Industria 4.0 ovvero la quarta rivoluzione industriale. Quanto c’è di vero in questa definizione o meglio quale è il vero significato di rivoluzione in questo caso?
Uno degli aspetti più rivoluzionari di Industria 4.0 è, anzitutto, l’impatto che ha avuto sulla scena “economica” del Paese. In un tempo brevissimo, questo nuovo approccio è riuscito a riportare la manifattura al centro dell’attenzione delle istituzioni e degli attori economici italiani con un effetto a dir poco dirompente.

In tutto questo ha giocato un ruolo determinante l’azione svolta dal Governo che ha dotato il paese di un piano di politica industriale pensato per sostenere e incrementare gli investimenti in tecnologia e innovazione indispensabili per assicurare il mantenimento della competitività delle imprese.

Per quanto riguarda poi la definizione, alcuni considerano Industria 4.0 una vera e propria rivoluzione, altri, invece, la vedono come un’evoluzione del modo di produrre.
A mio modo di vedere, Industria 4.0 somma all’innovazione tecnologica – che si concretizza nella diffusione delle tecnologie IoT all’interno delle fabbriche – il profondo cambiamento organizzativo. Come dire, la vera rivoluzione è più che altro culturale: cambiano i processi, le mansioni, i profili professionali e dunque le competenze richieste.

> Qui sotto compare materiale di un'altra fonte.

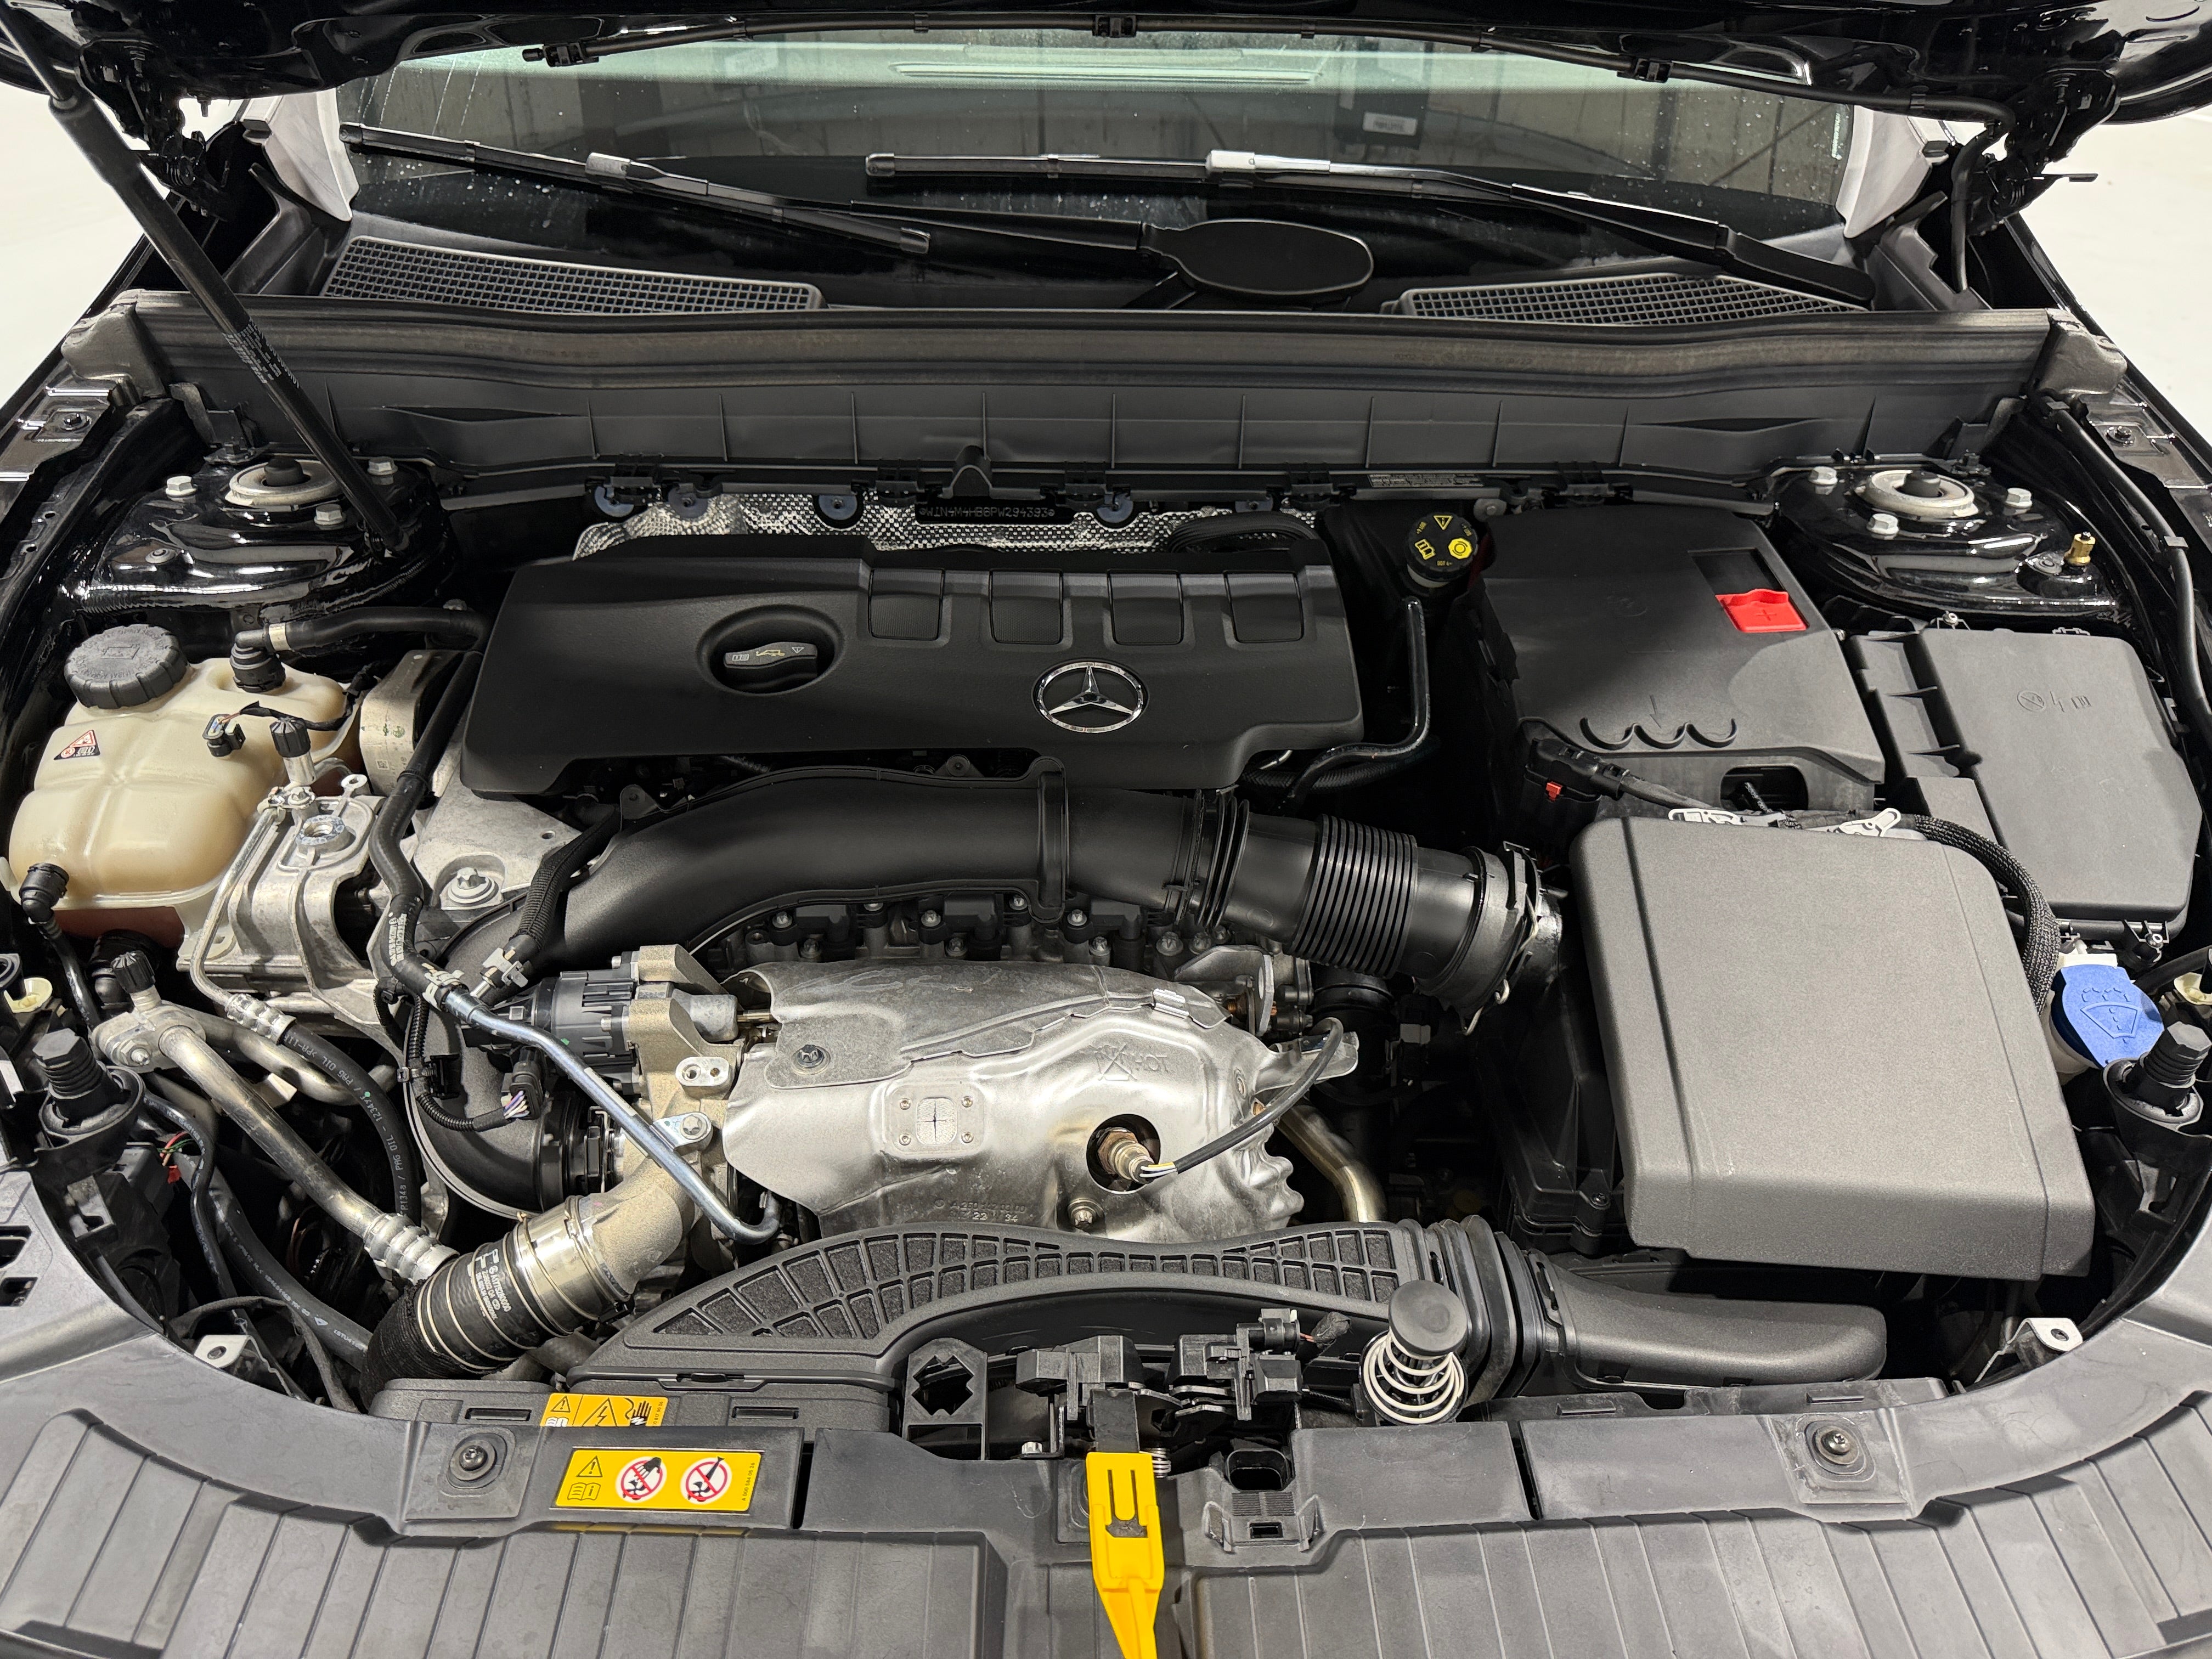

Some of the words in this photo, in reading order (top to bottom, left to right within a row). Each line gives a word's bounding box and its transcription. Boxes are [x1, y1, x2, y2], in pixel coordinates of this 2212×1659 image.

Ecco quindi il valore della formazione…
Certamente. La formazione è un asset fondamentale, da sempre e l’Italia ha ottime università. Il Politecnico di Milano, di cui mi onoro di far parte, ne è un fulgido esempio ma ve ne sono altre altrettanto valide, capaci cioè di formare giovani in grado di inserirsi nel mercato del lavoro ed essere vere e proprie risorse per le imprese. Ma la formazione tecnologica non la fanno solo i Politecnici e le università. E’ importante che anche gli istituti tecnici lavorino sui
programmi in modo che possano essere il più possibile aderenti alle esigenze del mondo dell’industria che con la digitalizzazione ha messo il turbo allo sviluppo.

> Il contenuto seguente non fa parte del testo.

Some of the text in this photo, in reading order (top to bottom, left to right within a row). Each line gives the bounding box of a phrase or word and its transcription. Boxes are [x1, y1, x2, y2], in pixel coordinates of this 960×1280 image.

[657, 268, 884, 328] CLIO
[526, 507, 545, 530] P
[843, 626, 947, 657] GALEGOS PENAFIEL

Torniamo alle tecnologie e all’impatto di Industria 4.0 sull’industria italiana.
L’Italia è il secondo paese manifatturiero d’Europa e il mantenimento di questa posizione e, perché no, il miglioramento, non può passare soltanto attraverso una generica innovazione tradizionale ma, al contrario, deve prevedere anche un processo di digitalizzazione delle industrie. L’obiettivo è favorire e sostenere la diffusione della connettività delle imprese. Questo in pratica significa: realizzazione di prodotti intelligenti, quelli che vengono definiti
smart product, produzione di prodotti e servizi con supporto tecnologie informative ovvero smart manufacturing, creazione di nuovi modelli di business. Un programma intenso ma assolutamente sostenibile dalle imprese italiane a patto che nell’approccio al tema siano considerate le nostre specificità.

Possiamo spiegare meglio?
Il manifatturiero italiano è riconosciuto nel mondo per la qualità e la forte personalizzazione dell’offerta. Al contrario, nel modello tedesco manca tutta la parte che caratterizza il Made in Italy e che noi abbiamo il dovere di valorizzare.
Come paese possiamo puntare ad un manifatturiero digitalizzato per un design avanzato ove resti centrale la persona, che deve essere adeguatamente formata e aggiornata. Su questo dobbiamo lavorare. D’altra parte, in alcuni settori, penso ad esempio a quello dei macchinari e dei sistemi di produzione, c’è già molta tecnologia innovativa riconducibile almeno in parte a Industria 4.0. La sfida è quella di incrementare la dimensione di connettività per esempio dei macchinari in modo che possano sempre più raccogliere, trattare elaborare e permetterne la condivisione anche a distanza.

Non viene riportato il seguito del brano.